Visa Issues In Yerevan

Due visa-problems for Iran and India, we had to make a stop in Armenia. We took the minibus from the bus station near Metrostop Dedubi to get to Yerevan. It was a ride of 6 hours because of the border check and again dangerous curvy road through the lower Caucasian mountains. I must say I found this route terrifying, since the driver was actually crazier than our Kazbegi trip-driver. You must be crazy to drive with such high-speed with sudden turns to avoid holes on the road while there is this ravine on one side. We also saw there had been an accident on the road and a car had fallen into the ravine, surrounded with bystanders and police. That we were driving in the dark at a certain point was the cherry on top. We finally arrived in Yerevan and I remember being happy we’d survived the sick drive.

The next day we went to the Indian Embassy to fix our visa. We printed out all the documents needed in our hostel but since the printer didn’t really coöperate, everything was printed in small letters with too much text on one A4. We wanted to try it anyways so we hurried to the embassy since it would close at noon. For some reason they were quite amazed to see us wanting to get a visa for India. They got all suspicious for no reason and asking us several questions like who were we, which places we had visited before Armenia, why we wanted to go to India and why we didn’t apply for a visa in Holland, etc. After answering all these questions, the lady we were talking to decided we needed to print the documents once again because we had printed it incorrectly. We hurried to a travel agency and asked if they could help us with printing and rushed back to the embassy. We had to answer some more questions about our history and parents until we could finally hand over our documents, passports and fingerprints for starting the application process. The lady told us that it would take 5 working days and we should call back in couple of days before picking it up. We also went to the Iranian Embassy to inform about their visa possibilities, but unfortunately it was already closed. We called the next day and they said there are several possibilities like with or without an authorisation-code ( which would take couple of weeks) or the visa-on-arrival. Since the first two options took too much time, we decided to go for the visa-on-arrival in Teheran. Therefore we had to skip Tabriz, because visa-on-arrival was not possible on the borders which we previously thought. We couldn’t book tickets for Tehran at the travel agency because The Indian Embassy had our passports, so we had to wait with that as well. Sigh.   

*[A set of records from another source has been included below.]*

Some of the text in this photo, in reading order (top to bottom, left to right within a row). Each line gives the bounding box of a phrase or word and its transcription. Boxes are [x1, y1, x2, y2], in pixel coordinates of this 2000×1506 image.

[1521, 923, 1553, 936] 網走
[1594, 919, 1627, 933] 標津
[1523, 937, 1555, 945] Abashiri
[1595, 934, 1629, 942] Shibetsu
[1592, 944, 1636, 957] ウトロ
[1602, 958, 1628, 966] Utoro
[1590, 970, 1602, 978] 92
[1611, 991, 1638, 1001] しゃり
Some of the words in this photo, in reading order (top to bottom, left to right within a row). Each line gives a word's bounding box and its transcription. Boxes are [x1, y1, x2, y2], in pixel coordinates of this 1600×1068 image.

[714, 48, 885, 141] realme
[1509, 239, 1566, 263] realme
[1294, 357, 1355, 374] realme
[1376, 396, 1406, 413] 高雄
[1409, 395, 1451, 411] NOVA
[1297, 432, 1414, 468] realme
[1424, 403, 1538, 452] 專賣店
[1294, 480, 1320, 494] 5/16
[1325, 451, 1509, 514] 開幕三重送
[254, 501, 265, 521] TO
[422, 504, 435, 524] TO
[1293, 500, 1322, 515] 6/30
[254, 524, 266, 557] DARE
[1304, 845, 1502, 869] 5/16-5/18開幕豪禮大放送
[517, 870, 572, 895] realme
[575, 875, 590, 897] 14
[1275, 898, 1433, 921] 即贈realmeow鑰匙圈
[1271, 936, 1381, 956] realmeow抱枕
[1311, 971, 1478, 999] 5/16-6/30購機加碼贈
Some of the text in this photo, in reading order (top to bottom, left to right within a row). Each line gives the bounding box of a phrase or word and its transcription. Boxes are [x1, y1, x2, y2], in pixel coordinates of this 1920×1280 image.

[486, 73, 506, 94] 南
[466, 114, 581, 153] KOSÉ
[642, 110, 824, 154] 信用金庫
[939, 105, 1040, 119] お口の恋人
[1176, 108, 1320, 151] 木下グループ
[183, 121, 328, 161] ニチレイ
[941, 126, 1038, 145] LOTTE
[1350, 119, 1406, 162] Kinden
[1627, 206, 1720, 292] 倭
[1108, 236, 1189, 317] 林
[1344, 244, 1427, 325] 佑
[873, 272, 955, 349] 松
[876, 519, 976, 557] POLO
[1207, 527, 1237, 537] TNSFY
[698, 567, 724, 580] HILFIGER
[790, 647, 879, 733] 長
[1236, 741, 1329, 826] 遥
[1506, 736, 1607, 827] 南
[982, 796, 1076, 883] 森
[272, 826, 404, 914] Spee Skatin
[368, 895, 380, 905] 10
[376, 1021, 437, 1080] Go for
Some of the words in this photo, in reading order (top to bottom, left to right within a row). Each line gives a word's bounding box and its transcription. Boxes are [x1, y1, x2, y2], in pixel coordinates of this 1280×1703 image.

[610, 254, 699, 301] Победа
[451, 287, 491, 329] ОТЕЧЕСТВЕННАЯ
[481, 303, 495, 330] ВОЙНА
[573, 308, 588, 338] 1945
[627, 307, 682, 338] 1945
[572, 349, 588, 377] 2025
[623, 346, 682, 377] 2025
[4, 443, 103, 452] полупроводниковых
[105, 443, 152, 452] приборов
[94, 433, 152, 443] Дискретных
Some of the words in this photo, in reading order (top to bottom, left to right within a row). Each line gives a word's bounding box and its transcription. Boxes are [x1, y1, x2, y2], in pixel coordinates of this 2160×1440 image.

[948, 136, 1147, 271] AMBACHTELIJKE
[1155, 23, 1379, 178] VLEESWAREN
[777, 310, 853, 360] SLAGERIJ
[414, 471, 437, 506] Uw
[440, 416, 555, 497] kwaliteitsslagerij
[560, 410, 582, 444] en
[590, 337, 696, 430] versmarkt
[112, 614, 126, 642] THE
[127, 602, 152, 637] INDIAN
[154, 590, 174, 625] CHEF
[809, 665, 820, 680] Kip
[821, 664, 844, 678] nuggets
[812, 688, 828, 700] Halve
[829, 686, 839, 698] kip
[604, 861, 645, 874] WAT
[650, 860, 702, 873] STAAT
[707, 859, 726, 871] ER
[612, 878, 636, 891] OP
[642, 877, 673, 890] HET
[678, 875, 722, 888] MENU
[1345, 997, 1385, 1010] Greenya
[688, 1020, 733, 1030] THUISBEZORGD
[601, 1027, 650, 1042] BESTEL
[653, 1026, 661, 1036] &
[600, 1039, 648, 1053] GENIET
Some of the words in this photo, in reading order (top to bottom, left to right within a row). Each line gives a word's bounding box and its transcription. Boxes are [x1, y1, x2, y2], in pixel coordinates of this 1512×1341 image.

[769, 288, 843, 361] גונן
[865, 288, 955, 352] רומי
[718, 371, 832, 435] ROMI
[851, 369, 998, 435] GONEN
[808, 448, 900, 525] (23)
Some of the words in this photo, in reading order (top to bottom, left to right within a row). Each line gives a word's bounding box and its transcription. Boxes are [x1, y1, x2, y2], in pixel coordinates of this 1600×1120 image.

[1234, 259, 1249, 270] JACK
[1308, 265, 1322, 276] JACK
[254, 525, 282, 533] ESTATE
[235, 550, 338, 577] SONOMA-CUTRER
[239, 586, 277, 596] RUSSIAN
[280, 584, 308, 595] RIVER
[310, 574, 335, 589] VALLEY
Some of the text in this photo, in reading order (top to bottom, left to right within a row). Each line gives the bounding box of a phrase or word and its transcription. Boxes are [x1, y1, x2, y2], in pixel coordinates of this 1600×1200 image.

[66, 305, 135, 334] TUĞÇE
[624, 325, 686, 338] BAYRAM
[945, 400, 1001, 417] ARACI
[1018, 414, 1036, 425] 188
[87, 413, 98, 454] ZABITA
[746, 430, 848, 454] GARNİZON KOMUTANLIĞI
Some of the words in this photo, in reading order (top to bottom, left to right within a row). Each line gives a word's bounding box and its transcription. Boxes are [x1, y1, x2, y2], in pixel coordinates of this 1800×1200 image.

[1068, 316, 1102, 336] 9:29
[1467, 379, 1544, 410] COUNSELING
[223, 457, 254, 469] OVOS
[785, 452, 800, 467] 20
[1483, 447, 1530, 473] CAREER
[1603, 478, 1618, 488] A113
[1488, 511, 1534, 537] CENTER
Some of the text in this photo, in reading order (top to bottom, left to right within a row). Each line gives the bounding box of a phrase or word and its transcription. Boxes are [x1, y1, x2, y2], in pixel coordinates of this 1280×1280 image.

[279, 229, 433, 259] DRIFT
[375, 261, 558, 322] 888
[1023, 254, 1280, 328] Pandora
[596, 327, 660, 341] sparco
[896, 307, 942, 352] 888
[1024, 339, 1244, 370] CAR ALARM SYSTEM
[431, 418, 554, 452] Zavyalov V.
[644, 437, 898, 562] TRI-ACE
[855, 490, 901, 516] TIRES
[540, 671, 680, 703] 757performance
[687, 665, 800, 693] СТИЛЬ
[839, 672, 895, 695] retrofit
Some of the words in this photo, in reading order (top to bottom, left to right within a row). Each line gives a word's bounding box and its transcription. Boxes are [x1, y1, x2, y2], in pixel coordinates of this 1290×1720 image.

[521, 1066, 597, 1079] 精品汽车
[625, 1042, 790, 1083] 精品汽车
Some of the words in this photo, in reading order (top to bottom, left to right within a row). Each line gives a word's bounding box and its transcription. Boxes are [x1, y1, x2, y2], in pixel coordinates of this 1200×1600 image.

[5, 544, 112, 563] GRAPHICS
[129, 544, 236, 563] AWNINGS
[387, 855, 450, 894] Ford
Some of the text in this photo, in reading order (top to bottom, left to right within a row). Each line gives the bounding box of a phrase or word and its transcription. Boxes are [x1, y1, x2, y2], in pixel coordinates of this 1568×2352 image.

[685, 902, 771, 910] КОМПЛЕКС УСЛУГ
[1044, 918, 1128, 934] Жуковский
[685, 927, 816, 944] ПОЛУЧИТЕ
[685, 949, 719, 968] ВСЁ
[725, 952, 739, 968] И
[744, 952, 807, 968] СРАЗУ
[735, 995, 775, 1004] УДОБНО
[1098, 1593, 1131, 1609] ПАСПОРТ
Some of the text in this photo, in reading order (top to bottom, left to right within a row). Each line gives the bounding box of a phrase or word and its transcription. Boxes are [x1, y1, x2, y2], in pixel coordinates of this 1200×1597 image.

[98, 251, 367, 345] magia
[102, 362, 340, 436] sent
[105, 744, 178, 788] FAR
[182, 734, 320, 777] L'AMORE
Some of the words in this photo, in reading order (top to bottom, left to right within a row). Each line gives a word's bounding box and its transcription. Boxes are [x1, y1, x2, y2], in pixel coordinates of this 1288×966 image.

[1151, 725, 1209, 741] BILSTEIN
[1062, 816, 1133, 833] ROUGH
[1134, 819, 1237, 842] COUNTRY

We took some days to discover Yerevan since we would only have good weather in the first few days (for me personally it was still too cold but okay). I must say there was not much to see around the city. The ambiance was nice, but there was just not much going on. There were some tours which our hostel provided to do some sightseeing outside of Yerevan but that was not really interesting for us. So most of the time we hanged out in our hostel, having nice conversations with our crazy Japanese rapper-friend Yoshi, watching serials, cooking and most of the time only go out to get groceries or dinner. After four working days we called to the embassy and they told us our visa was ready! Yeay! Right after getting our visa and passports we booked our flights to Teheran for two days later through Tatev. We had to manage several things before our departure to Iran. I had to make passport photos with a headscarf for my visa-on-arrival, buy appropriate clothing, print several documents like our health insurance policy, hotel booking in Teheran, return ticket from Iran to Sharjah and last but not least withdrawal money for at least 3 weeks since we wouldn’t be able to use Persian banks. And at last, we were ready for Iran!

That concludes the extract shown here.